→ **What is needed**
The records below are to be restated word for word, with every picture left out.

[Phrase grounding data]

----

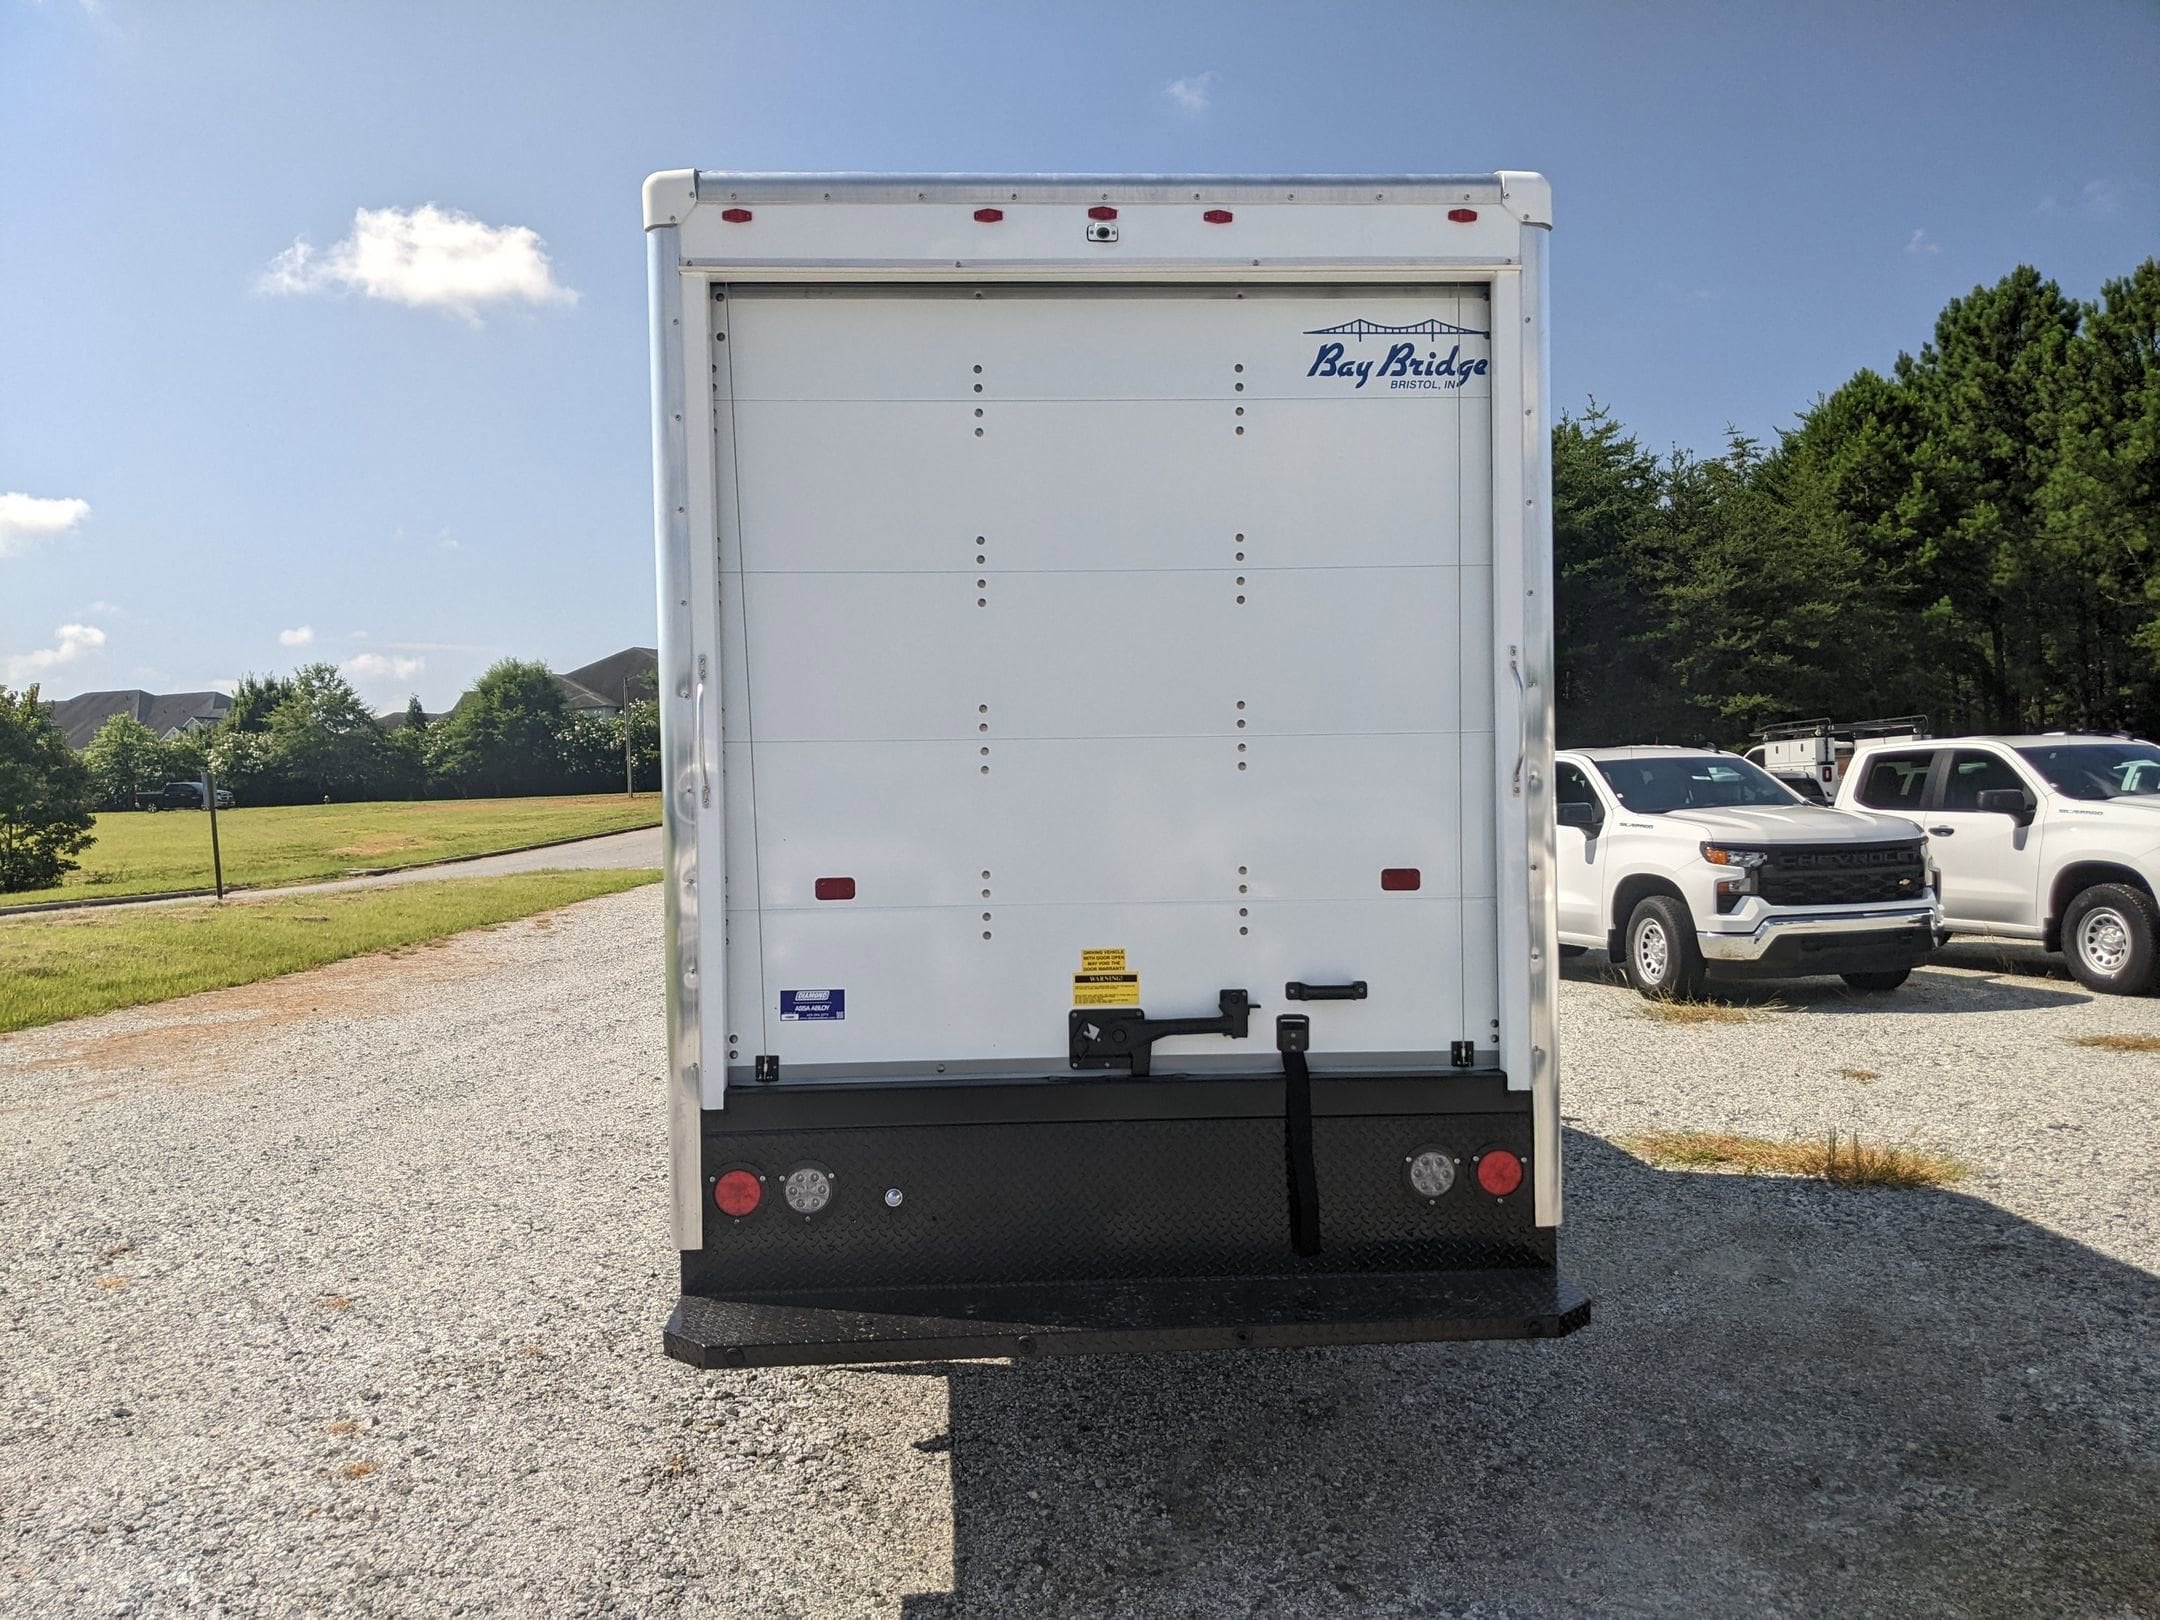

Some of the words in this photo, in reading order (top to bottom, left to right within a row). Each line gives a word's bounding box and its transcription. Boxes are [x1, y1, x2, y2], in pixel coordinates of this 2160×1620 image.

[1306, 342, 1374, 389] Bay
[1376, 342, 1489, 387] Bridge
[1390, 380, 1441, 390] BRISTOL,
[1778, 850, 1919, 866] CHEVROLET

----

→ **Task response**
Some of the words in this photo, in reading order (top to bottom, left to right within a row). Each line gives a word's bounding box and its transcription. Boxes are [x1, y1, x2, y2], in pixel coordinates of this 2160×1620 image.

[1306, 342, 1374, 389] Bay
[1376, 342, 1489, 387] Bridge
[1390, 380, 1441, 390] BRISTOL,
[1778, 850, 1919, 866] CHEVROLET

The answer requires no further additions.